[Records for this task]
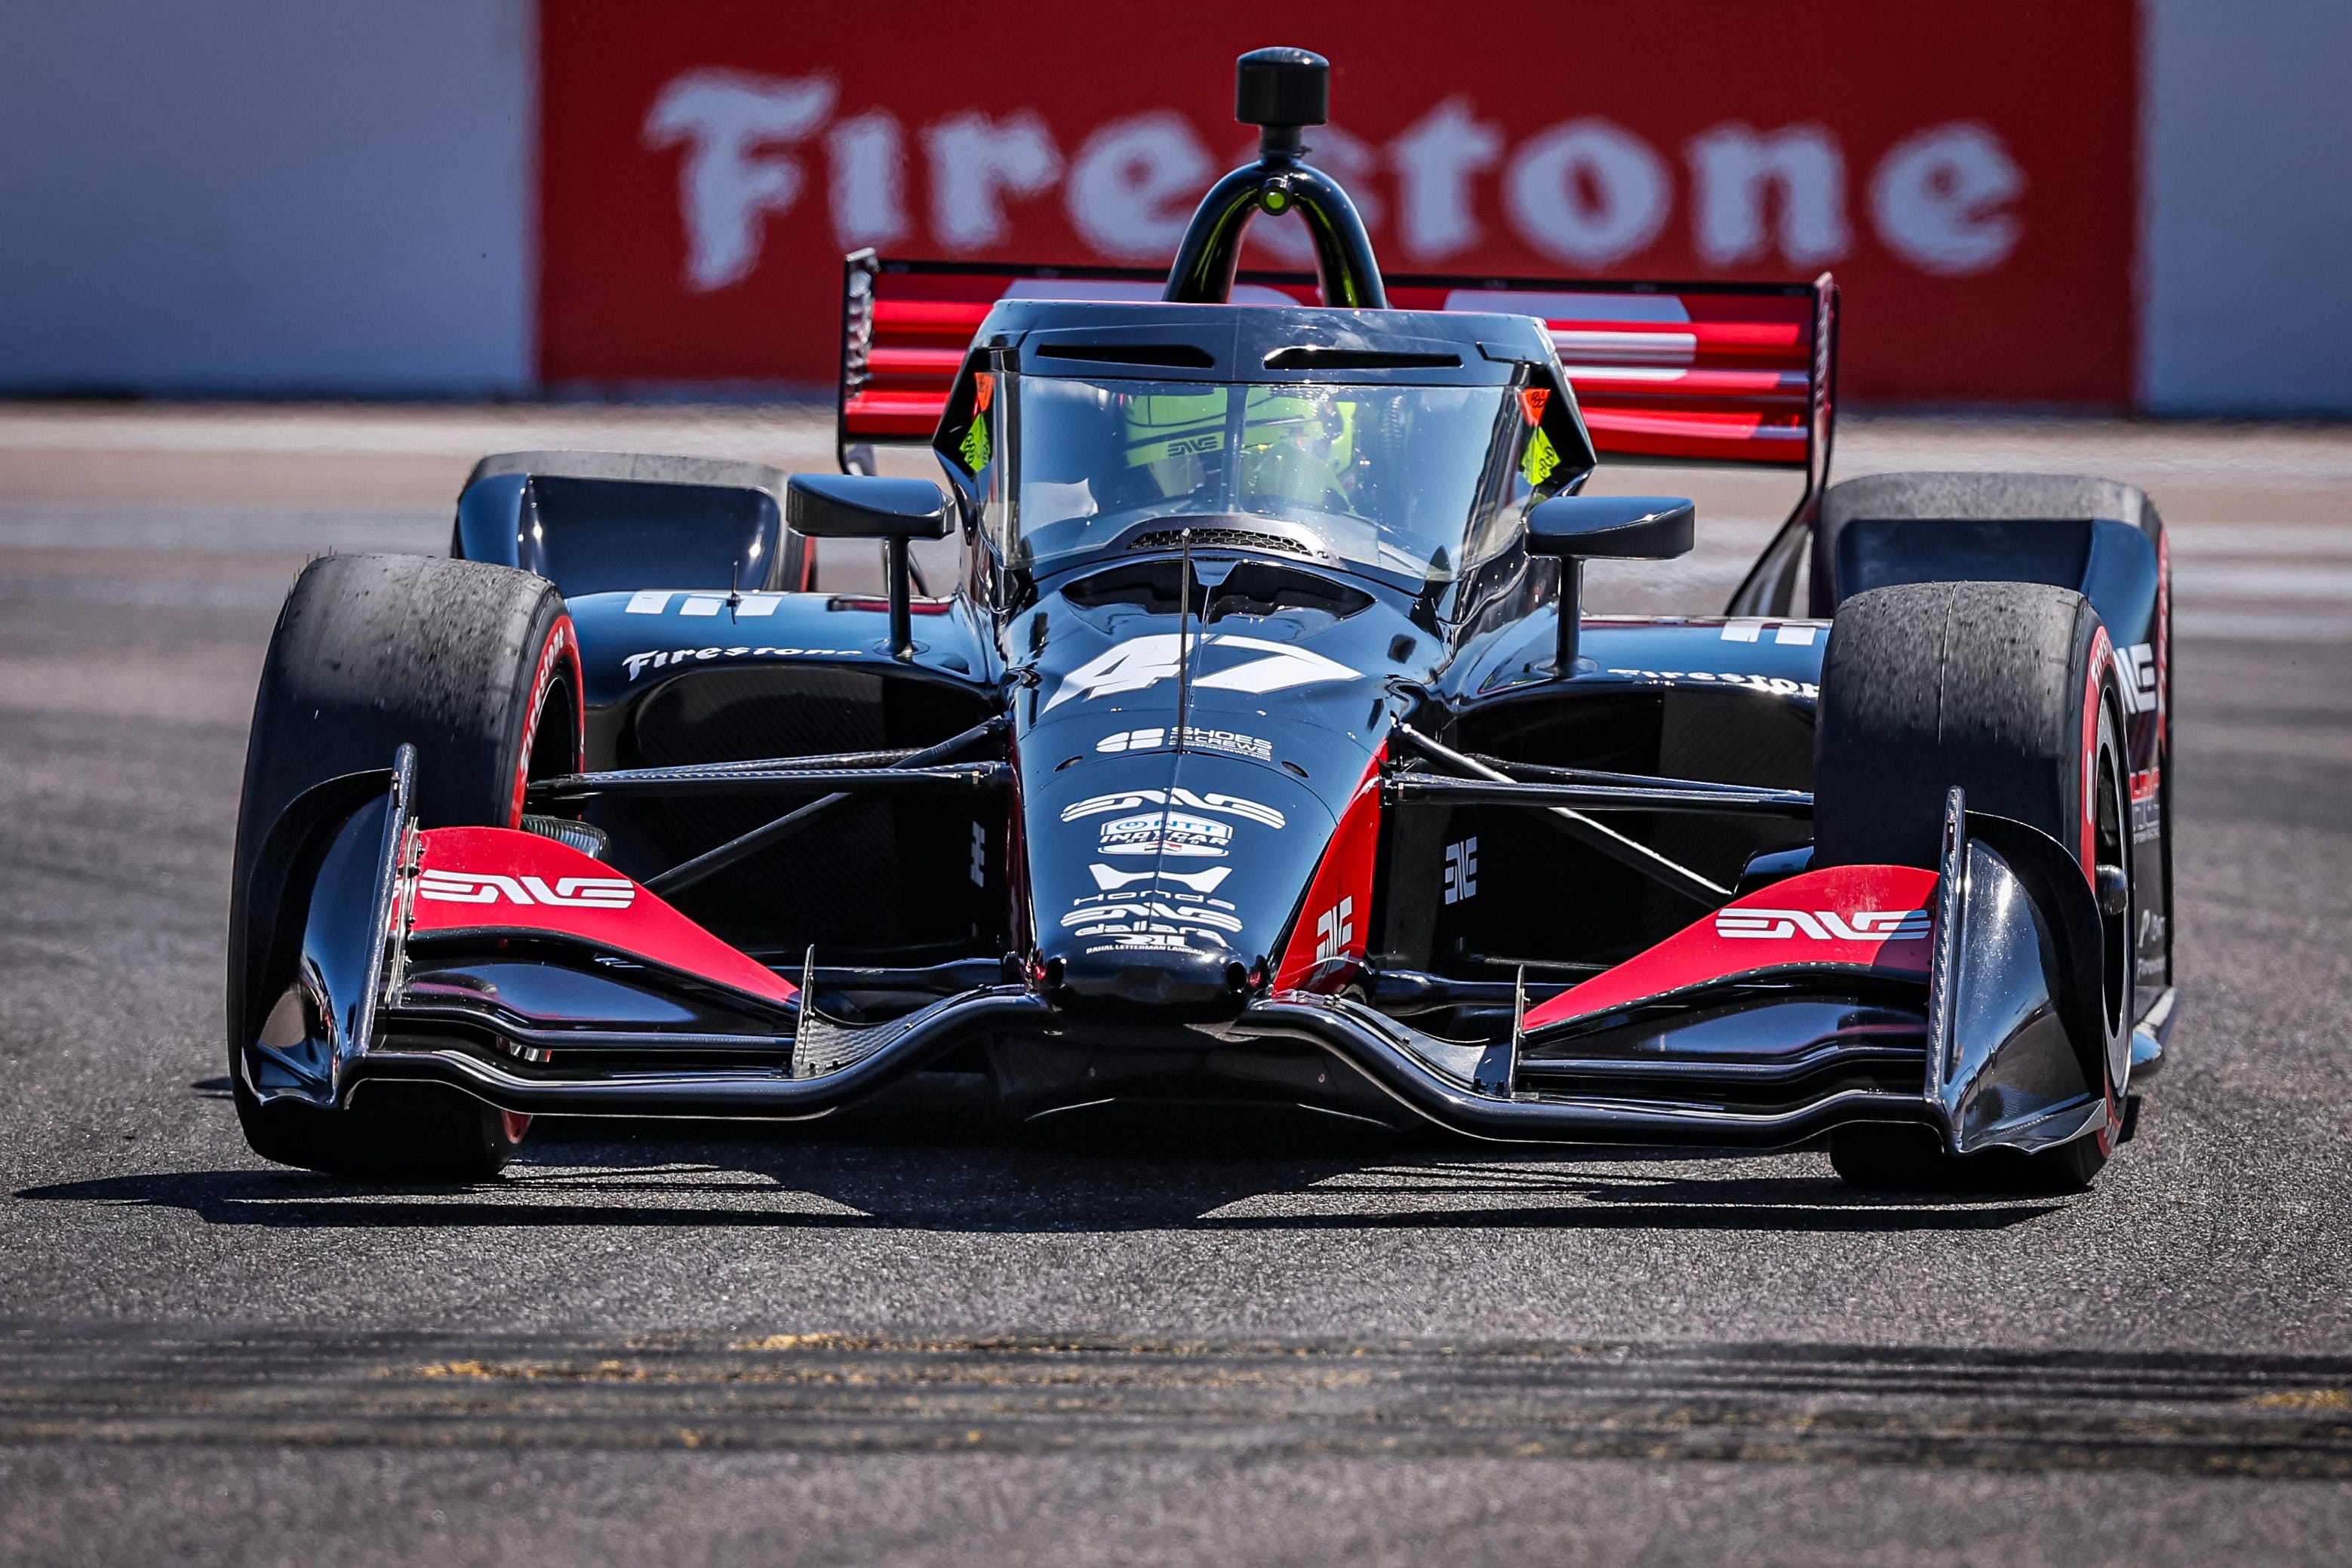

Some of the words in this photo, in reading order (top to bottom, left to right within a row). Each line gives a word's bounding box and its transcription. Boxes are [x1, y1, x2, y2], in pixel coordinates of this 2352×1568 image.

[622, 647, 863, 682] Firestone
[1038, 632, 1365, 717] 47
[1607, 668, 1820, 698] Fireston
[1170, 726, 1273, 750] SHOES
[1194, 736, 1272, 756] CREWS
[1099, 829, 1231, 846] INDYCAR
[1154, 819, 1218, 832] NTT
[1074, 921, 1231, 948] dallara
[1086, 945, 1115, 955] RAHAL
[/Records for this task]
▸ How to complete this task:
Print the listing exactly, minus its pictures.

▸ Answer to this problem:
Some of the words in this photo, in reading order (top to bottom, left to right within a row). Each line gives a word's bounding box and its transcription. Boxes are [x1, y1, x2, y2], in pixel coordinates of this 2352×1568 image.

[622, 647, 863, 682] Firestone
[1038, 632, 1365, 717] 47
[1607, 668, 1820, 698] Fireston
[1170, 726, 1273, 750] SHOES
[1194, 736, 1272, 756] CREWS
[1099, 829, 1231, 846] INDYCAR
[1154, 819, 1218, 832] NTT
[1074, 921, 1231, 948] dallara
[1086, 945, 1115, 955] RAHAL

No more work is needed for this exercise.